In Tampico, near the location of the storm's second landfall, the streets were littered with fallen trees branches, utility poles, and billboards. Additionally, many roads were inundated with water, leaving some impassable. Nearby, over 700 people fled their homes for shelter due to flooding in Ciudad Madero. One death occurred in Pueblo Viejo when a woman was crushed by a tree that fell on her house. Six other deaths occurred in Veracruz, five from a ship capsizing near Boca del Río and another after a person was caught in an undertow offshore Úrsulo Galván. Two landslides in northern Puebla left roads impassable, isolating some communities such as Tlatlauquitepec. Hundreds of homes were destroyed leaving 35,000 people homeless and there was severe damage in Tuxpan, Tamiahua, Pueblo Viejo, Platon, Pánuco, Tampico Alto, and elsewhere along the coast of northeast Mexico.

In Nuevo León, the storm caused four fatalities, including one in the city of Monterrey. The place with the most rainfall received in a 24-hour-period was in Micos, which observed 12.94 in (329 mm) of rain. Some other high rainfall recordings were in Santa Rosa, San Luis Potosí, which recorded 10.59 in (270 mm), and Puerto de Valles, which received 10 in (254 mm) of rain. Although well south of the storm's path, precipitation from Dolly peaked at 37.41 in in Iguala de la Independencia, Guerrero, making it the wettest tropical cyclone on record in Guerrero. In Sinaloa, three fatalities occurred, two when two people stepped into a puddle of water electrified by a downed power line and another from a weather-related traffic accident. According to newspaper reports, 14 people died in the storm's passage. An additional two people from Nuevo León were reported to be missing.
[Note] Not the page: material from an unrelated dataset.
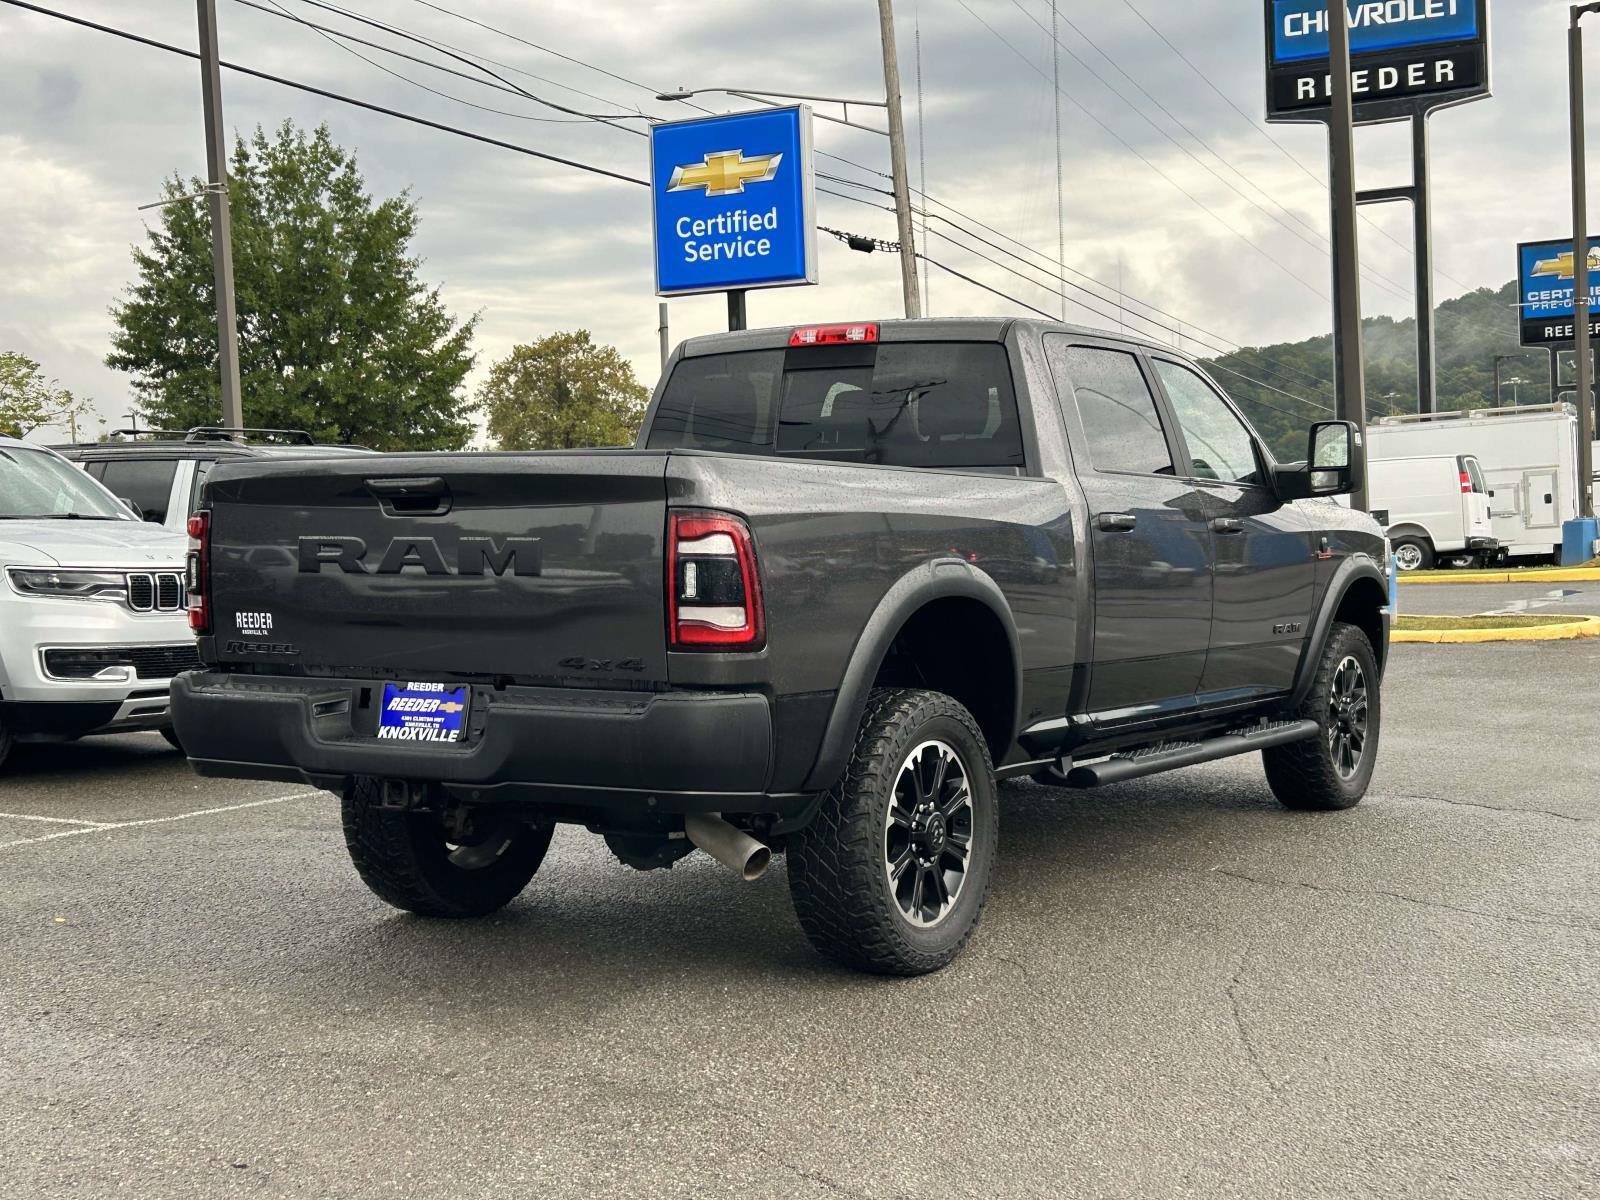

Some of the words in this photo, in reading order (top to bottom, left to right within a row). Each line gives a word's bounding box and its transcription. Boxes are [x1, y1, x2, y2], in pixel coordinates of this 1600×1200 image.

| Country | Total | State | State total |
| Mexico | 14 | Veracruz | 7 |
| Nuevo León | 4 |
| Sinaloa | 3 |

===Texas===
Though far from the United States, Dolly managed to bring heavy rain and high winds to southern Texas. Weekly rainfall totals in Corpus Christi reached 5.53 in (141 mm) and 2.82 in (71.6 mm) in Brownsville. Corpus Christi daily rainfall measurements on August 23 and August 24 were as high as 1.92 in (48.8 mm) and 2.55 in (64.8 ), respectively, a new daily record. The beach at the Padre Island National Seashore was closed after high tides began flooding the beaches and the John F. Kennedy Causeway, though other facilities such as the campground remained open. A tornado was spawned near Olmito, damaging a few homes and unroofing two others. Later, while passing north of Rancho Viejo, the twister inflicted impact on 10 dwellings and knocked over trees and signs.

==See also==

- Other storms of the same name
- Hurricane Earl (2016)
- Hurricane Franklin (2017)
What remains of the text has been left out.